Inseminazione Artificiale
 È una tecnica semplice che offre in alcuni casi una probabilità di gravidanza prossima al 25%
Che cos'è l'inseminazione artificiale?

L’inseminazione artificiale è considerata la tecnica più semplice di fecondazione in vitro. Consiste nell’introdurre spermatozoi previamente selezionati all’interno della cavita uterina nel momento dell’ovulazione.

L’inseminazione artificiale può realizzarsi partendo da un campione di sperma proveniente dalla coppia (inseminazione artificiale omologa (AIH)) o da spermatozoi provenienti dal banco di spermatozoi (inseminazione artificiale con seme di donatore (AID)).

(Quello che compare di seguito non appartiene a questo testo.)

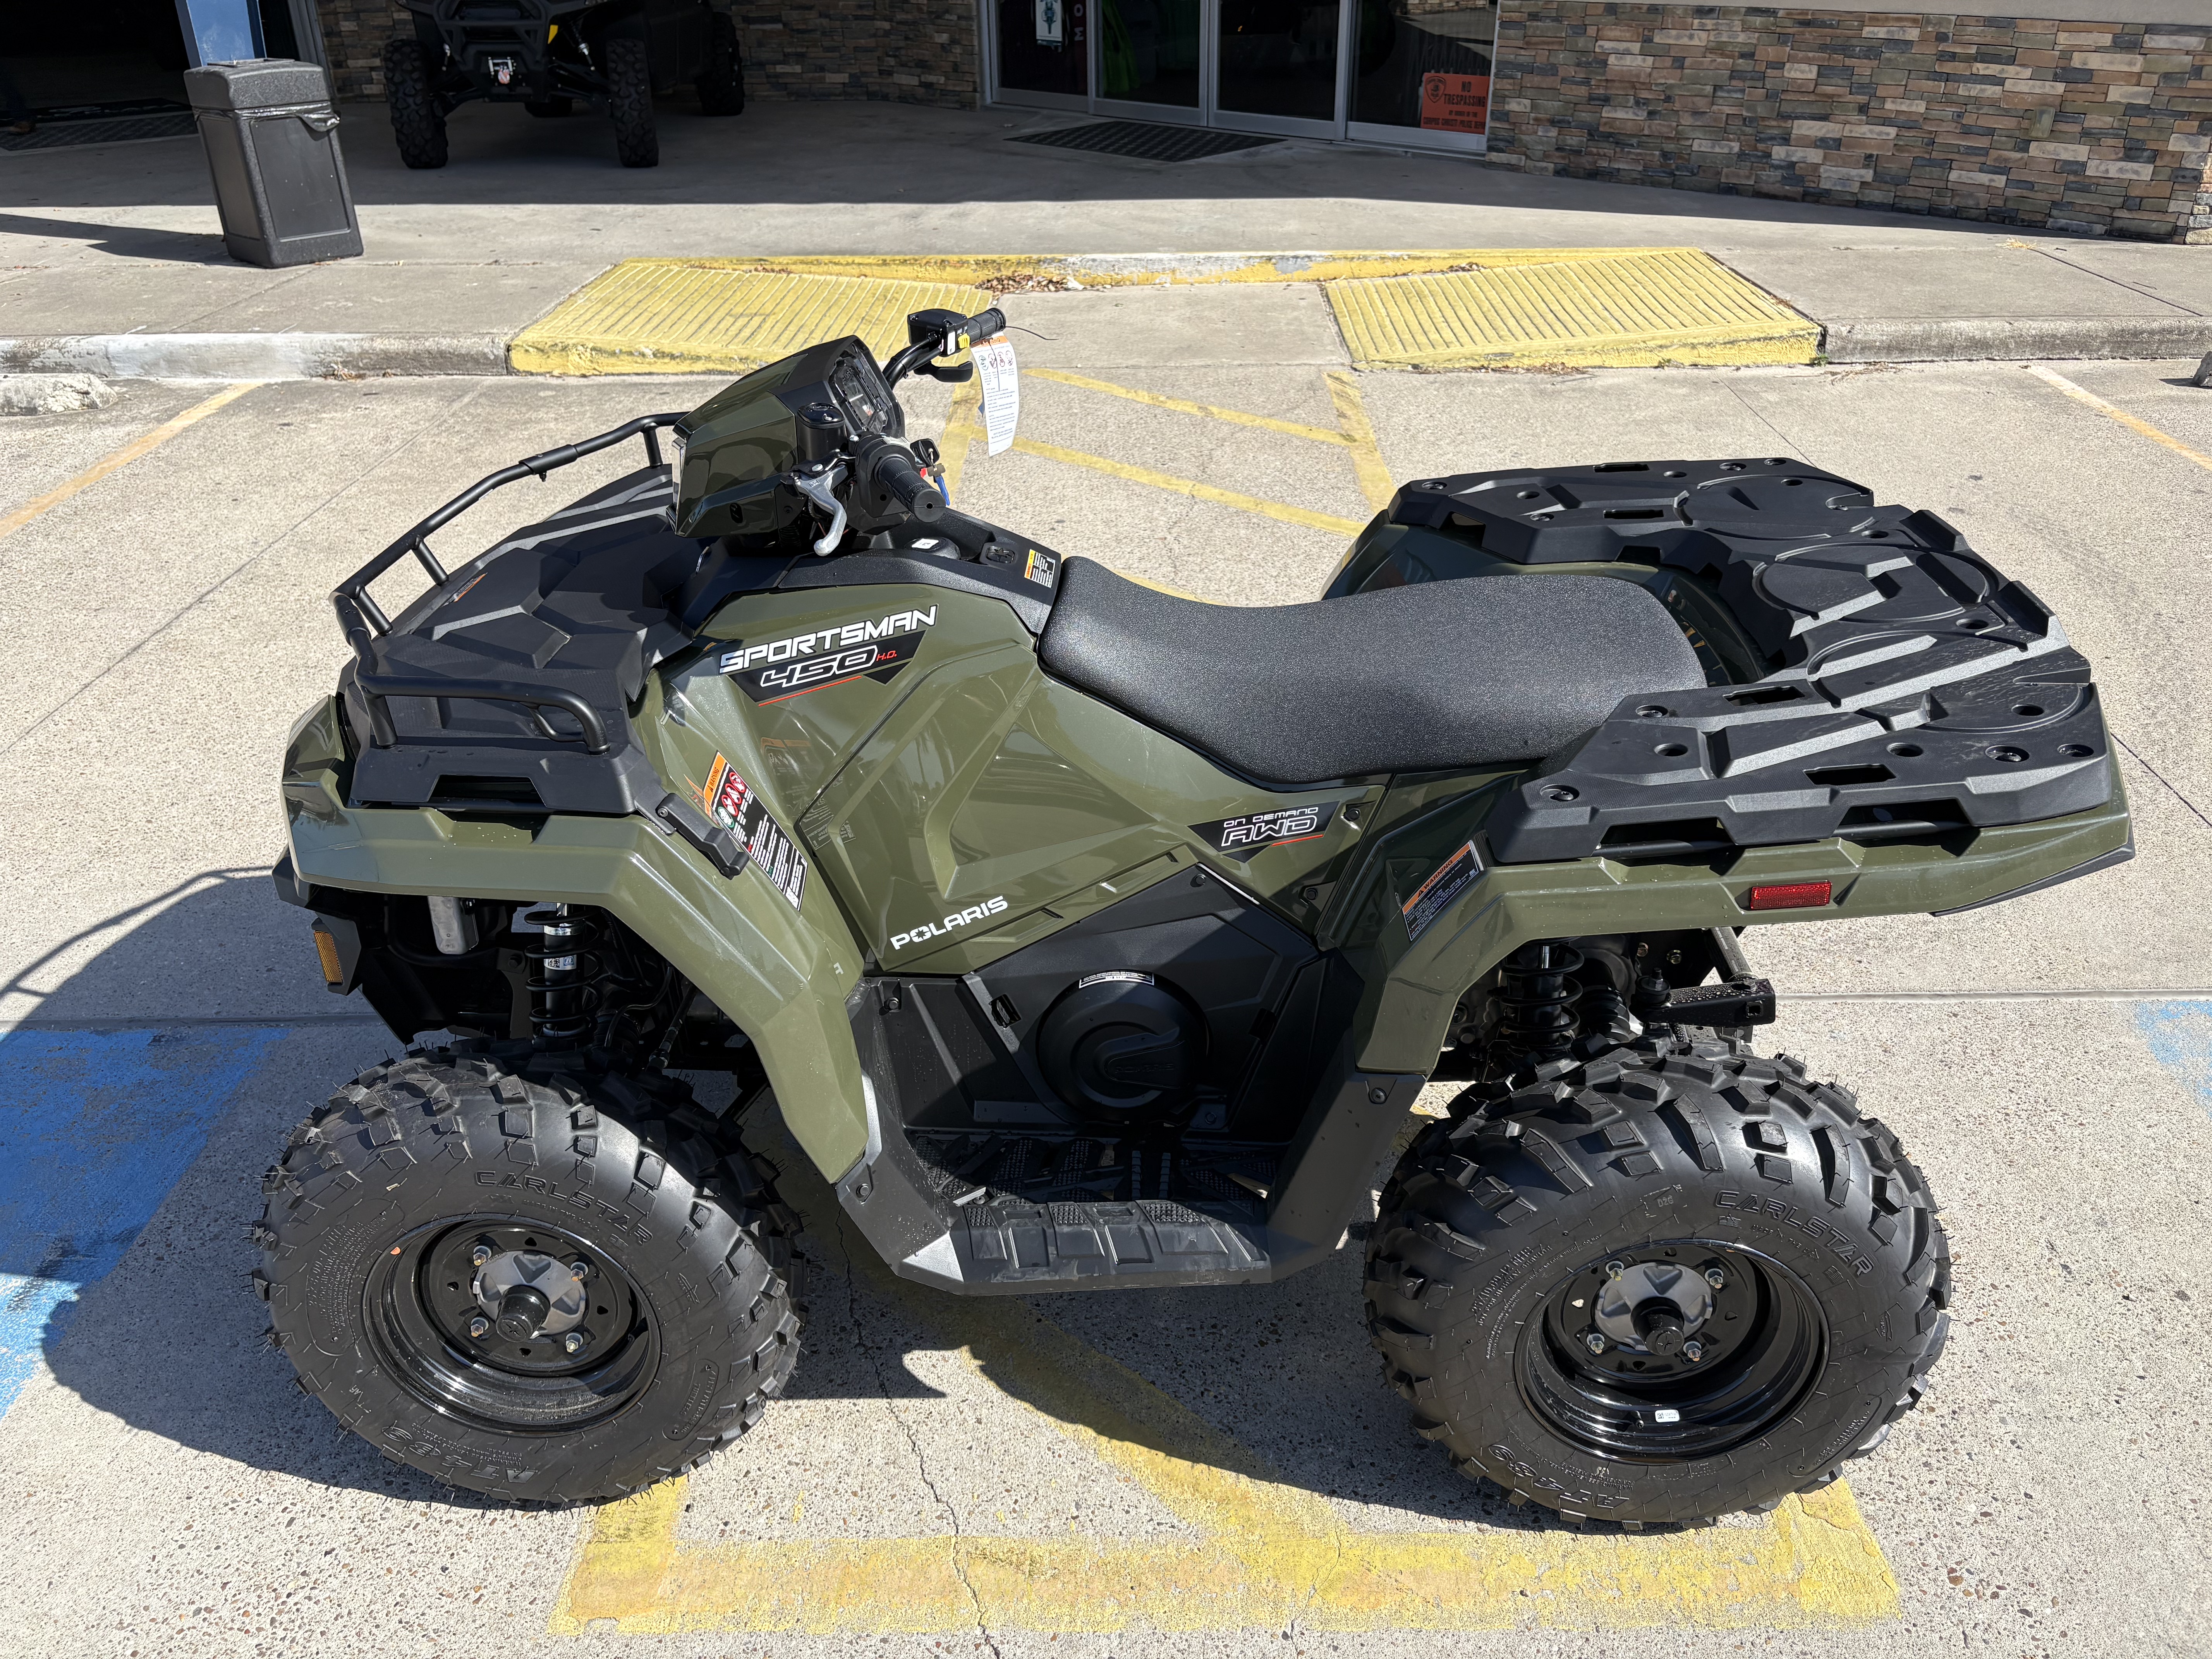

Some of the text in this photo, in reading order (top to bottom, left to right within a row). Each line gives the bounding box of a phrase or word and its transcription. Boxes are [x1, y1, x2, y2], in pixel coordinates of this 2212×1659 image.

[1444, 94, 1486, 107] TRESPASSING
[1462, 81, 1472, 92] NO
[720, 605, 938, 674] SPORTSMAN
[761, 645, 878, 688] 450
[1221, 815, 1317, 847] AWD
[1223, 807, 1318, 828] ON DEMAND
[1423, 859, 1453, 889] WARNING
[890, 895, 1008, 950] POLARIS
[475, 1170, 653, 1246] CARLSTAR
[1715, 1190, 1874, 1275] CARLSTAR
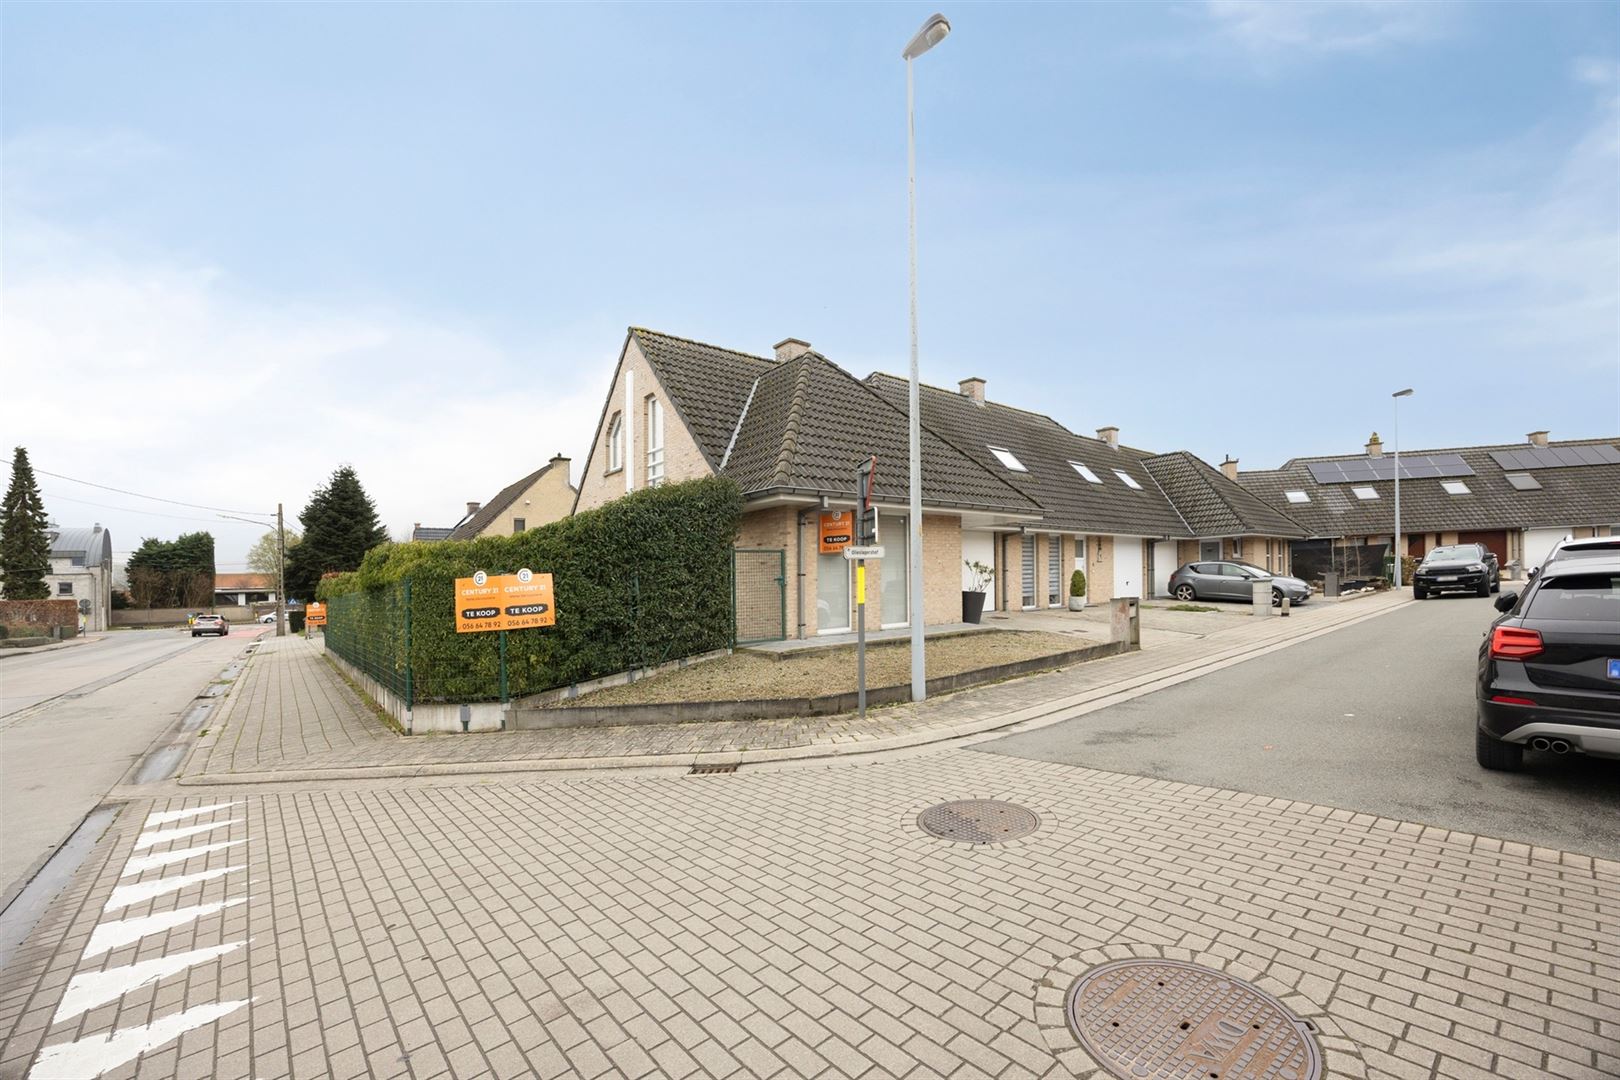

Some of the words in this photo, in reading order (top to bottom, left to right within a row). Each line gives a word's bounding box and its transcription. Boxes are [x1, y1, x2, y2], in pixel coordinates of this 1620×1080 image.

Il campione di liquido seminale, sia esso proveniente dalla coppia o dalla banca di sperma, viene previamente preparato in laboratorio. Gli spermatozoi mobili vengono separati dal plasma seminale, dai detriti e dal resto delle altre cellule.

Le opzioni per i nostri pazienti

Inseminazione artificiale omologa (AIH)

L’inseminazione artificiale omologa, conosciuta anche come inseminazione coniugale, consiste nel collocare nell’utero gli spermatozoi del coniuge precedentemente selezionati e preparati in laboratorio.

​Può essere realizzata seguendo il ciclo di ovulazione spontanea (non si realizza una stimolazione ovarica), oppure stimolando leggermente le ovaie e monitorando l’ovulazione al fine di individuare il miglior momento per effettuare l’inseminazione.

​È indicata in coppie nelle quali è presente un fattore maschile lieve, una disfunzione ovarica o endometriosi lieve,  in assenza di una causa apparente di sterilità  e/o a seguito di 3-4 cicli di induzione dell’ovulazione e coito programmato.

​Il tasso di gravidanza ottenuto per ciclo di inseminazione artificiale omologa oscilla intorno al 15-20%. La qualità del seme è un fattore determinante per il risultato finale. Se in seguito al terzo o quarto tentativo non si riesce ad ottenere una gravidanza è opportuno valutare la possibilità di accedere a tecniche più complesse come ad esempio la fecondazione in vitro (FIV).

Inseminazione artificiale con seme di donatore (AID) o eterologa

Il procedimento dell’inseminazione artificiale con seme di donatore è molto simile a quello della inseminazione artificiale omologa, la principale differenza riguarda il fatto che gli spermatozoi che, vengono introdotti all’interno della cavità uterina, prevengono da un donatore precedentemente screenato e selezionato. Si ricorre alla banca di sperma quando non è possibile isolare alcun spermatozoo mobile nello eiaculato, a seguito di una biopsia testicolare o quando non è presente il coniuge maschile nella coppia.

​L’inseminazione artificiale con seme di donatore può realizzarsi seguendo il ciclo mestruale naturale (indicata sopratutto per le pazienti giovani) o stimolando l’ovulazione con gonadotropine somministrate per via sottocutanea. L’indicazione di inseminazione seguendo il ciclo naturale o quello indotto dipende da fattori quali età, riserva ovarica, integrità delle trombe di Falloppio e dal numero di cicli precedentemente realizzati.

Il tasso di gravidanza per una inseminazione artificiale con seme di donatore oscilla intorno al 25-30% per ciclo.